With the development of live biotherapeutic products (LBPs) now more than a decade old, research and development questions have evolved from understanding how to handle these organisms to manufacturing at a commercial scale.

With several biotech companies, such as Rebiotix, Vedanta and Seres, having either completed or started phase three clinical trials, plans for commercial manufacture are well underway.1​ Developing a robust process that is commercially ready is a critical requirement for maximising market returns after a long investment period. Additionally, they must manufacture under current good manufacturing practice (CGMP)and provide appropriate, up-to-date stability testing technologies for development and manufacturing processes. GMP documentation covers the facility, equipment, process, and stability of the product and Contract Development and Manufacturing Organization (CDMO). This documentation is critical for delivering high quality LBP manufacturing and stability studies.2,3

1. Commercial Manufacturing Considerations for LBPs: Late Phase Development

Developing a scalable and robust process through the clinical trial phase needs to be conducted thorough risk/benefit analyses early in these project phase. However, as the LBP moves closer to phase 3/commercial manufacture, conducting the manufacture as close to a commercial scale as possible (>5,000 L) provides a clear pathway to market. Raw materials and consumables that are rarely an issue in small scale manufacture become a critical bottleneck that a commercial manufacture can navigate through their supplier channels and purchasing power.   

Therefore, selecting a CDMO that has a track record in mitigating the risks involved in the manufacturing process, such as large-scale culture media sterilisation, concentration, lyophilisation and milling, is important. Manufacturing partners must have experience with a variety of species, and strains, and offer scale-up throughout the process. With respect to LBP manufacturing, it is critical to work with a partner that has appropriately sized equipment in fermentation capacity, lyophilization drying capacity; and working knowledge of anaerobic microbes, for reasons as set out below.

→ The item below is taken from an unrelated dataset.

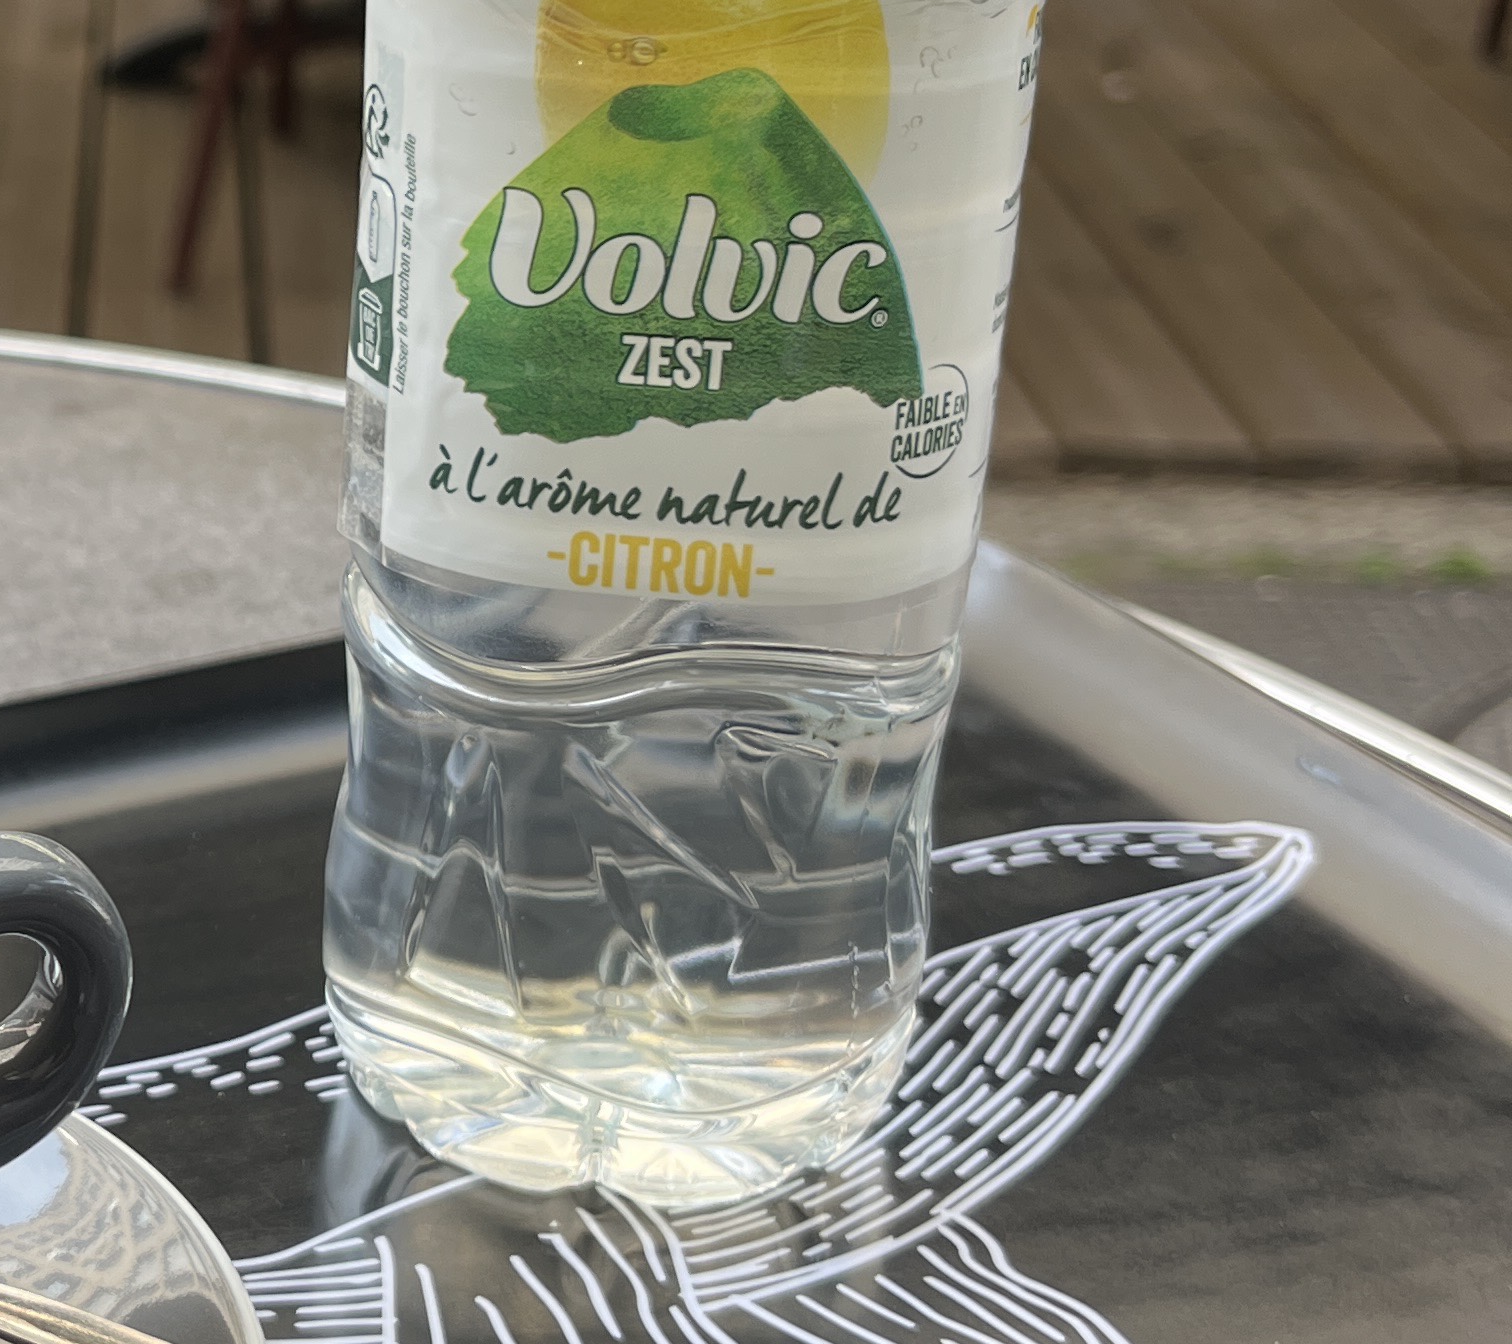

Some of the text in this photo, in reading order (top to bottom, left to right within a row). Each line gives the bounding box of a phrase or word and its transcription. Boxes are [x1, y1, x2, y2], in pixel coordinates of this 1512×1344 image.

2. Equipment, scalability and viability

As commercial manufacture is the end point, CDMOs need to ensure that the various phases of LBP development, from early research to late clinical phase in fermentation and downstream, can be scaled-up. Manufacture and stability of microbial master cell banks and working cell banks should be well established by this stage of development. The use of working cell banks is critical to provide robustness and durability for future commercial manufacture.

Scalability and viability depend on the CDMO understanding how to measure and grow strains under different conditions, such as lyophilised and non-lyophilised products. Access to equipment such as Flow Cytometers (FC), Ultra High Temperature (UHT) sterilisation systems, anaerobic continuous centrifuges, liquid nitrogen pelletisers and anaerobic milling systems are now becoming an expectation in LBP manufacturing environments. Having a partner that has both the equipment and experience allows seamless transition from clinical phase to commercial manufacture.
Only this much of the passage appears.